We will explore some of these tools later in this book. A major physical vulnerability in wireless networks is access points (APs). Sometimes APs will be placed in poor locations that can be easily accessed by a hacker. A hacker may install what is called a rogue AP. This rogue AP will monitor the network for data that a hacker can use to escalate their attack.

Often this tactic is used to harvest the credentials of high ranking management personnel, to gain access to encrypted databases that contain the personal/financial data of employees and customers, or both. Peer-to-peer technology can also be a vulnerability for wireless networks.

A hacker may gain access to a wireless network by using a legitimate user as an accepted entry point. Not using and enforcing security policies is also a major vulnerability found in wireless networks. Using security tools such as Active Directory (deployed properly) will make it harder for a hacker to gain access to a network. Hackers will often go after low-hanging fruit (easy targets), so having at least some deterrence will go a long way in protecting your wireless network.

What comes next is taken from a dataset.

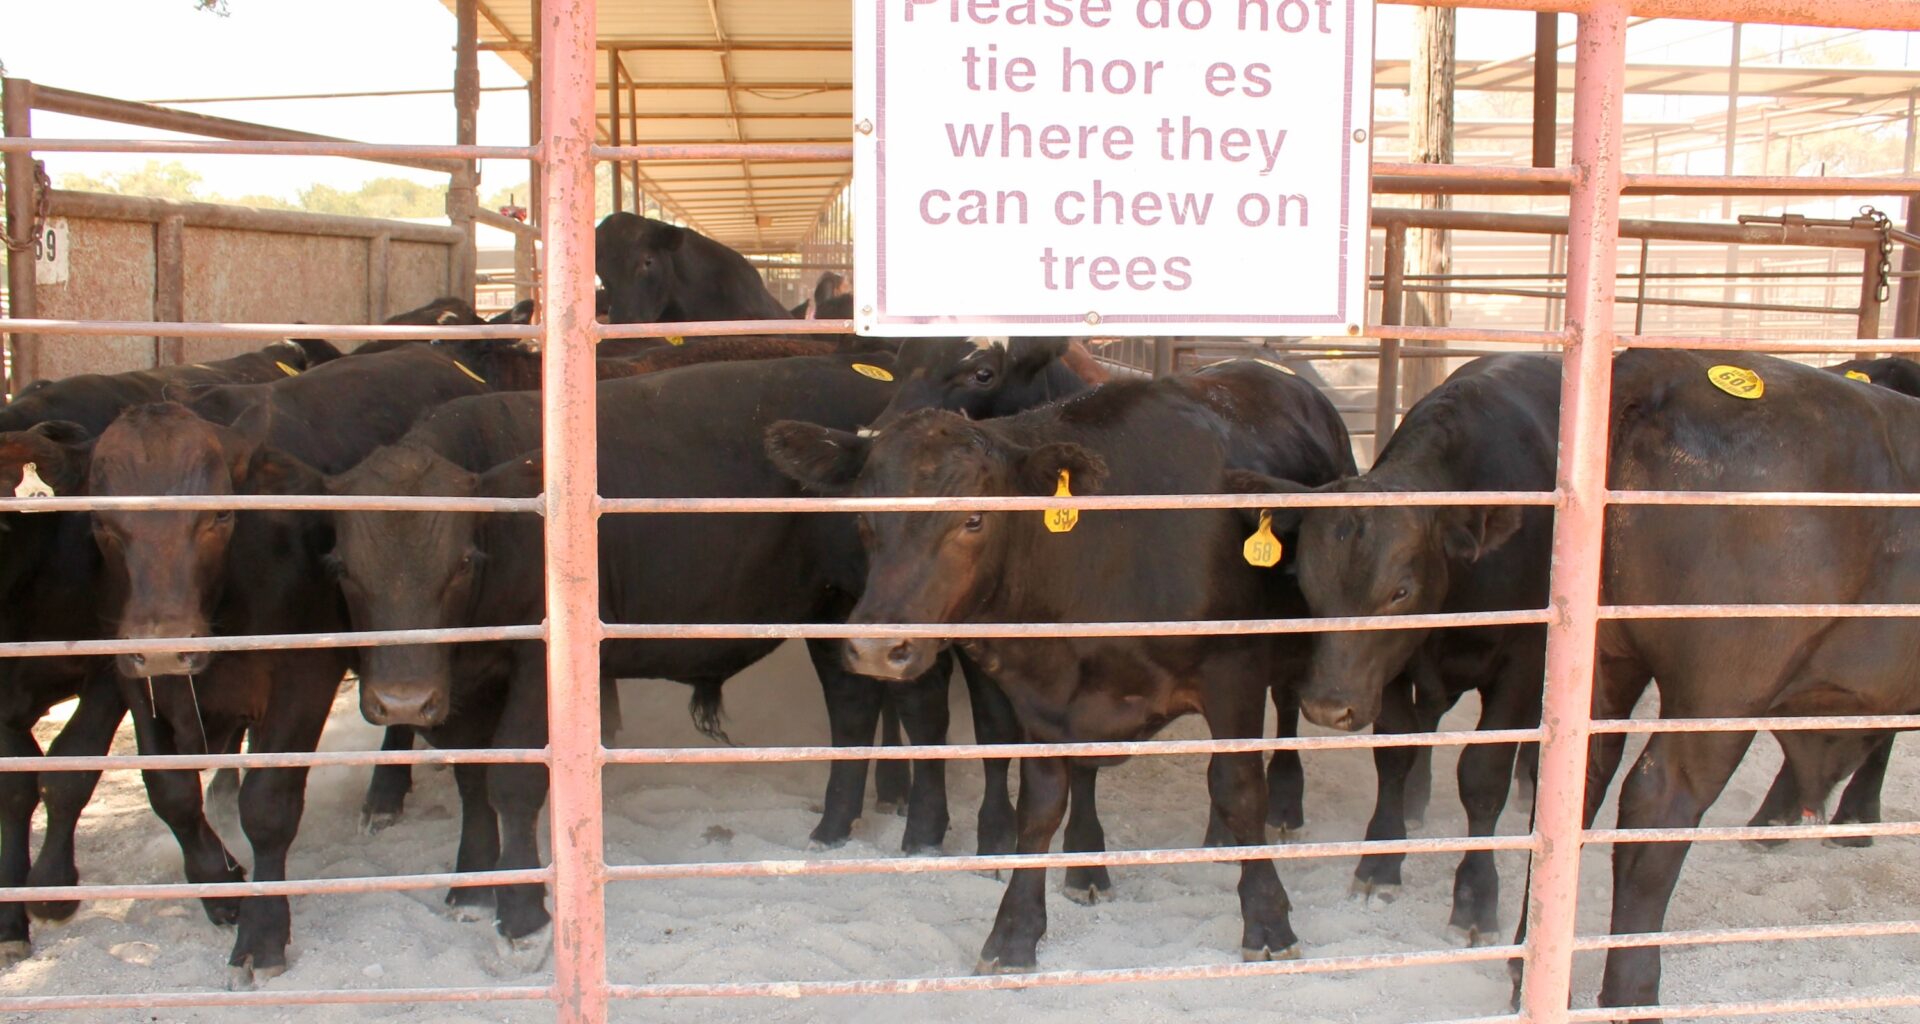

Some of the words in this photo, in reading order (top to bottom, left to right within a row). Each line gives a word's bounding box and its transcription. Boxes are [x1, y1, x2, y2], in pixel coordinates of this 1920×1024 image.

Using Intrusion Detection Systems (IDS) in combination with Active Directory will immensely increase the defense of any wireless network, although the most effective factor is having a well-trained and informed cyber security professional watching over the network. The more a cyber security professional (threat hunter) understands the tactics of a hacker, the more effective that threat hunter will become in discovering and neutralizing a network attack. Although there are many challenges in protecting a wireless network, with the proper planning and deployment those challenges can be overcome.

Knowns and unknowns

The toughest thing about unknown risks to security is that they are unknown. Unless they are found, they can stay hidden. A common practice to determine an unknown risk would be to identify all the known risks and attempt to mitigate them as best as possible. There are many sites available that can assist in this venture. The most helpful are reports from CVE sites that identify vulnerabilities.

False positives

Positive Negative
True TP: correctly identified TN: correctly rejected
False FP: incorrectly identified FN: incorrectly rejected

As it is related to detection for an analyzed event, there are four situations that exist in this context, corresponding to the relationship between the results of the detection for an analyzed event. In this case, each of the corresponding situations is outlined as follows:

  • True positive (TP): This is when the analyzed event is correctly classified as an intrusion or as harmful/malicious.
    For example, a network security administrator enters their credentials into the Active Directory server and is granted administrator access.
  • True negative (TN): This is when the analyzed event is correctly classified and correctly rejected.
    For example, an attacker uses a port such as 4444 to communicate with a victim's device. An intrusion detection system detects network traffic on the authorized port and alerts the cyber security team to this potential malicious activity. The cyber security team quickly closes the port and isolates the infected device from the network.
  • False positive (FP): This is when the analyzed event is innocuous or otherwise clean in the context of security, however, the system classifies it as malicious or harmful.
    For example, a user types their password into a website's login text field. Instead of being granted access, the user is flagged for an SQL injection attempt by input sanitation. This is often caused when input sanitation is misconfigured.
  • False negative (FN): This is when the analyzed event is malicious, but it is classified as normal/innocuous.
    For example, an attacker inputs an SQL injection string into a text field found on a website to gain unauthorized access to database information. The website accepts the SQL injection as normal user behavior and grants access to the attacker. For detection, having systems correctly identify the given situation is paramount.